Higher freight costs are tied to more than bottlenecks across the system; driver shortages also impede the lassoing and hog-tying of delivery times. The American Trucking Association (ATA) provided a recent update at the end of October estimating that in 2021, the truck driver shortage will hit a historic high north of 80,000. ATA noted that the shortage is most acute in the longer-haul (not local) for-hire truckload market. Not helping the cause is Amazon Delivery Service Partners offering drivers more than $20 per hour plus a signing bonus of upwards of $3,000 to deliver packages to their local communities.

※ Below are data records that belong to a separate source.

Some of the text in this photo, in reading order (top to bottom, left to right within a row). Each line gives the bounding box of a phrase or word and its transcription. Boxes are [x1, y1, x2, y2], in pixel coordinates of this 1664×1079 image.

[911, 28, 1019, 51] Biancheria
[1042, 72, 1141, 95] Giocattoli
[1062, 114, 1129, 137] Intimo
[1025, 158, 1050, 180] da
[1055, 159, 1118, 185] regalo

Permanent scarring from the pandemic also played a crucial role in aggravating the driver shortage. A total of 3,140 trucking companies ceased operations last year, according to a report from transportation industry data firm Broughton Capital, up from 1,100 in 2019. Smaller trucking companies were particularly hard hit; Broughton’s data found companies that closed last year owned an average of 16 trucks. That’s about 40% smaller than the average carrier that shuttered operations in 2019. Moreover, and not surprisingly, larger trucking operations and more well-capitalized firms better weathered the economic fallout from the pandemic vis-à-vis their smaller counterparts. Most critically, ATA adds that small trucking companies and independent owner-operators comprise the majority of the nation’s freight carriers — 91% of fleets operate with six or fewer trucks while 97% operate with 20 or fewer.

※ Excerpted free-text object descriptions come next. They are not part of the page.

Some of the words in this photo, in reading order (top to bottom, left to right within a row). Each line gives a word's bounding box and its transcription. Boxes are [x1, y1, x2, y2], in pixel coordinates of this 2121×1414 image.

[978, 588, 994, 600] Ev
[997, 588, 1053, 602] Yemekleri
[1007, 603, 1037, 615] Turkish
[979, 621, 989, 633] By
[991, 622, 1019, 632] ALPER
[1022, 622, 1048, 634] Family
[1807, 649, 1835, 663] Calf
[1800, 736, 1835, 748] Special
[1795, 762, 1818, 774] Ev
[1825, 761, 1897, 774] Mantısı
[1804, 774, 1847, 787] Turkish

The September Job Openings and Labor Turnover Survey (JOLTS) revealed unprecedented demand for transportation workers. The record 589,000 job openings more than doubled from December 2020’s 277,000 figure. This furious run up pushed the job openings rate in the transportation and warehousing industry to 8.0% by 2021’s third quarter (green line). This occurred alongside a 6.0% unemployment rate in transportation during the summer quarter causing a near-record in the job openings-to-unemployment spread of 2 percentage points. Preliminary readings for the fourth quarter suggest 2019’s fourth-quarter widest point in openings-to-unemployment should be eclipsed as transportation unemployment fell to 4.7% in October (purple line).

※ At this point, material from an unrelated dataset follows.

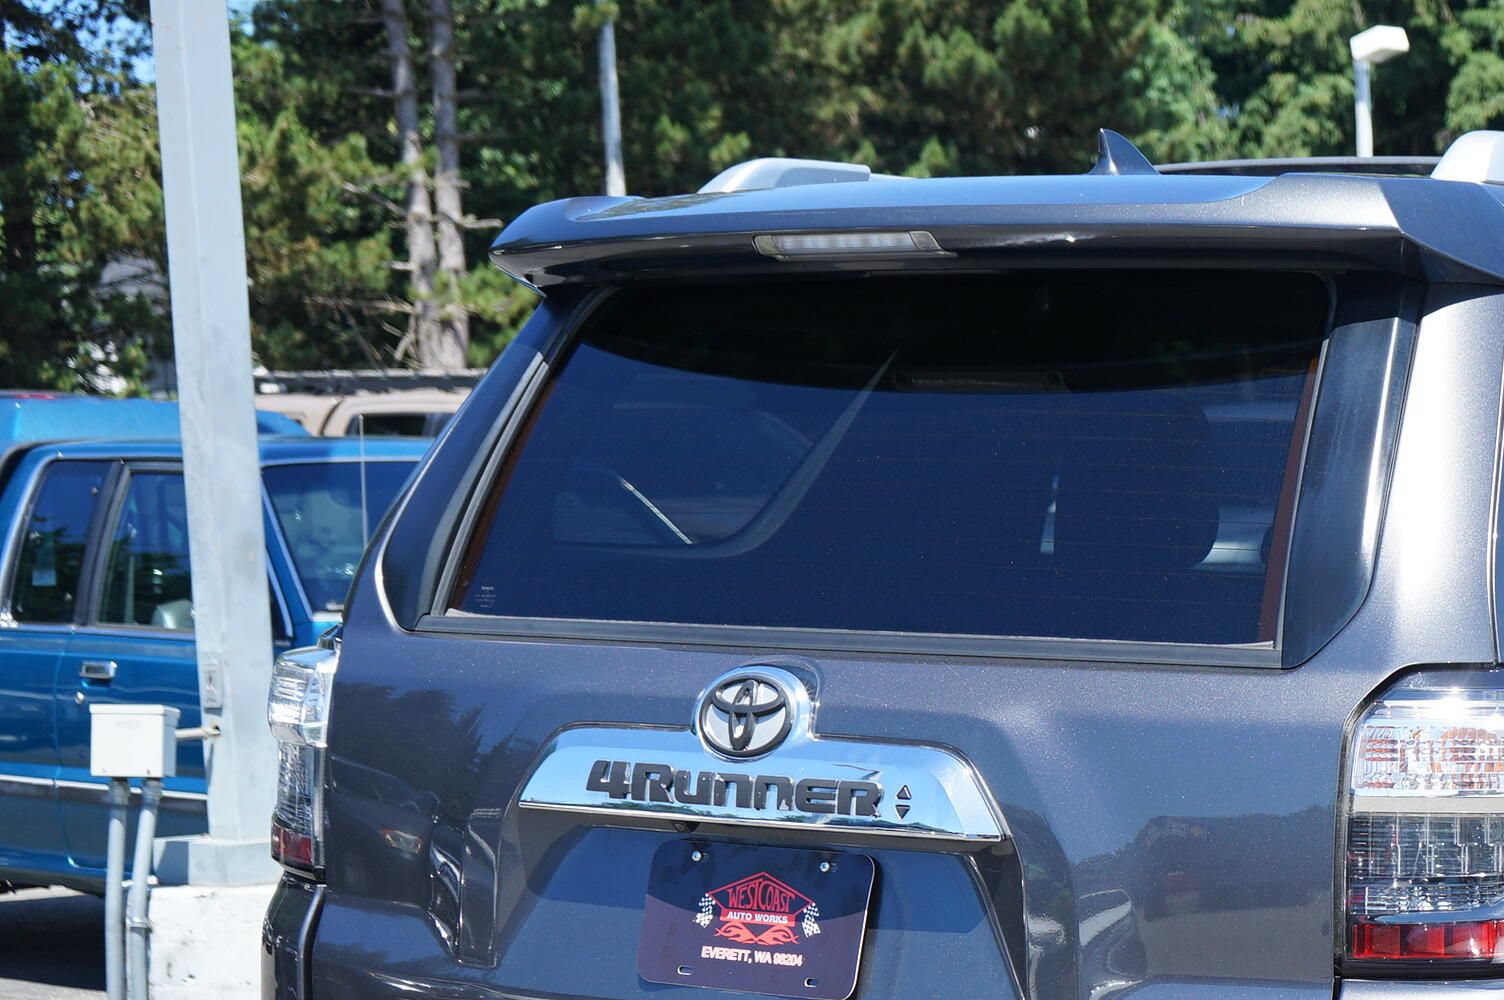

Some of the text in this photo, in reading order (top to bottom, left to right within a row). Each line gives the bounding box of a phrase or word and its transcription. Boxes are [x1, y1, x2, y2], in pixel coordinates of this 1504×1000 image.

[727, 911, 788, 924] AUTO WORKS
[754, 950, 772, 964] WA
[773, 953, 803, 967] 98204

The labor mismatch is one reason massive incentives are being deployed to lure more warm bodies to get behind the wheel of an articulated vehicle. Annual growth in worker paychecks (not managers) in long-distance general freight trucking hit a never-before-seen 11.9% YoY rate in September, nearly five times the longer-term average of 2.5%.

While costs have surged across the logistics space, shipment volume has downshifted to a near neutral speed so far in the fourth quarter. The quarter-to-date 0.8% YoY advance indicated a major slowdown from the second quarter’s 29.9% increase and the 9.1% gain in the third quarter (red line). Although much more volatile than the Cass shipment series, hires in the transportation sector provide a proxy for added drivers. The unmatched deficit of drivers makes it perfectly logical that the hiring picture is not positive. Transportation hiring has been in the red on an annual basis in every quarter thus far in 2021 (blue line). This losing streak was only rivaled during the Great Recession.

As brilliant as Archimedes was, we think even he would have a difficult time trying to resolve today’s supply chain challenges. While real activity is hitting stall speed, freight rates remain wildly elevated. It’s the latter – pricing, and by extension margin protection – that keeps the bull running for transportation stocks.